Courtesy of NPR and news reports
Pope Francis, fresh from a historic speech before a joint meeting of Congress, had lunch with homeless and low-income people at Catholic Charities in Washington, D.C. on Sept. 24 during his visit to the U.S.
The pope arrived and waded through the crowd, raising his hands and wishing those assembled: “Buon appetito!”
Some 300 people were invited to eat with the pontiff. On the menu was boneless chicken teriyaki, Asian pasta salad, steamed carrots/green beans, potato roll and brownie/blondie for dessert.
Ramona Service of Washington was quoted by The Associated Press as saying that Francis spoke “from the heart,” calling him “a very giving, sensible pope.”
Earlier, the pope spoke at the adjoining St. Patrick in the City, saying there is “no justification whatsoever, for lack of housing.”
He spoke of the problem of homelessness and hunger, saying: “We know that Jesus wanted to show solidarity with every person. He wanted everyone to experience his companionship, his help and his love. He identified with everyone who suffered.”
Quoting Jesus’ words from the book of Matthew, the pope said: “I was hungry and you gave me food; I was thirsty and you gave me something to drink. I was a stranger and you helped me.”
Jesus’ love “spurs us to compassion and service to one another,” he said.
As the pope addressed Congress earlier that day, he spoke of climate change, poverty, and challenged lawmakers to be more accepting of immigrants seeking to come to America.

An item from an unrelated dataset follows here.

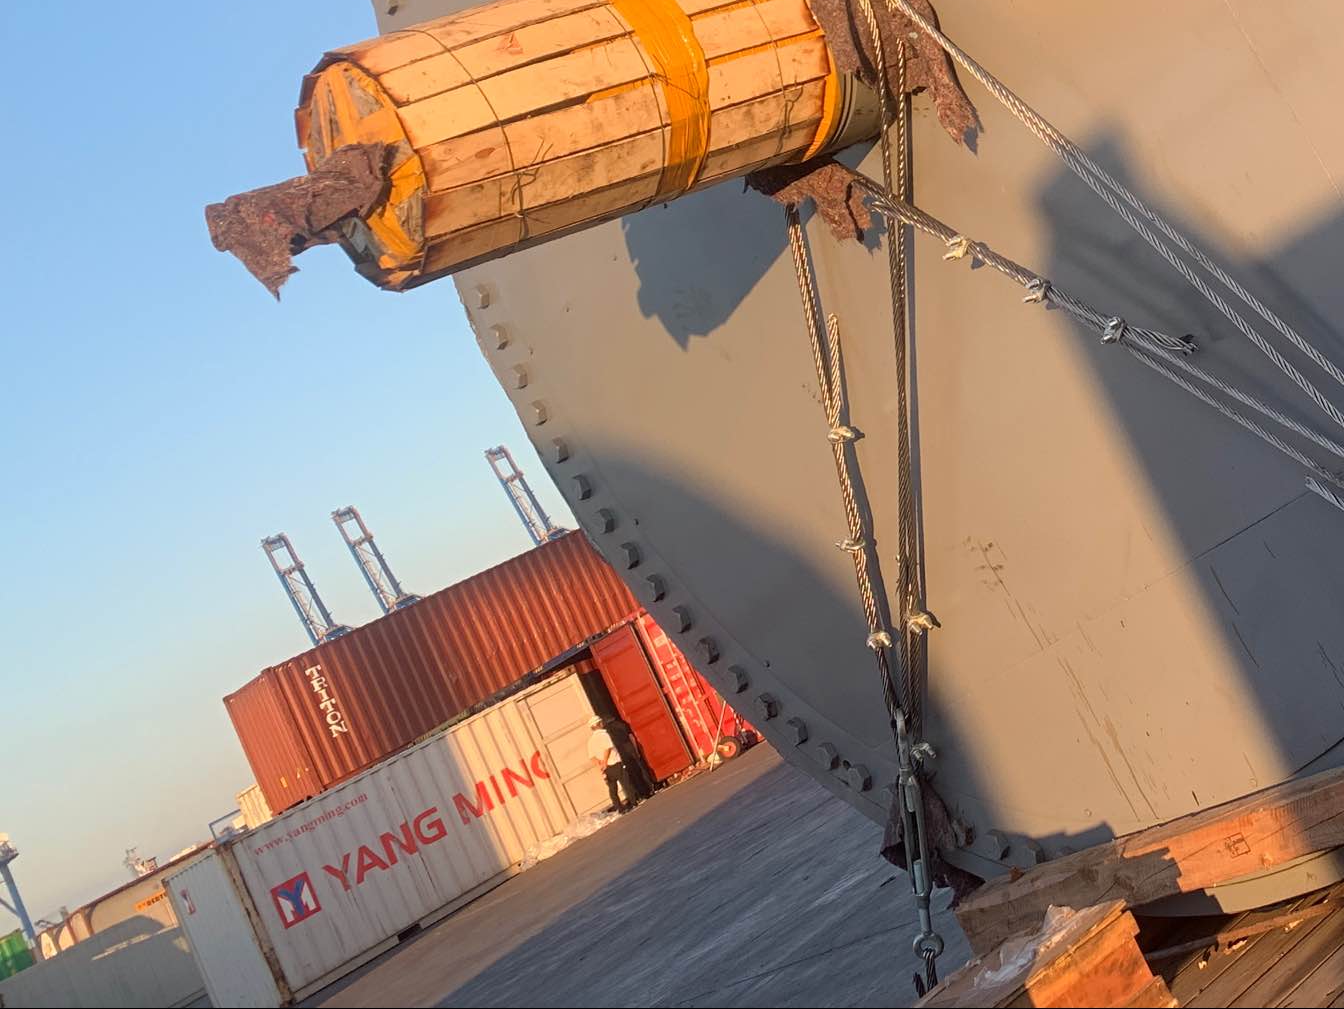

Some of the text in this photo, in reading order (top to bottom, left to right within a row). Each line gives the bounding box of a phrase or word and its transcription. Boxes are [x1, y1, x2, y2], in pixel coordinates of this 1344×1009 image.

The pope also cited the legacy of civil rights leader Dr. Martin Luther King, Jr. and other great American icons, including Abraham Lincoln.
“A nation can be considered great,” Francis said, “when it defends liberty as Lincoln did, when it fosters a culture which enables people to dream of full rights for all their brothers and sisters as Martin Luther King sought to do, when it strives for justice and the cause of the oppressed as Dorothy Day did by her tireless work, the fruit of a faith which becomes dialogue and sows peace in the contemplative style of Thomas Merton.”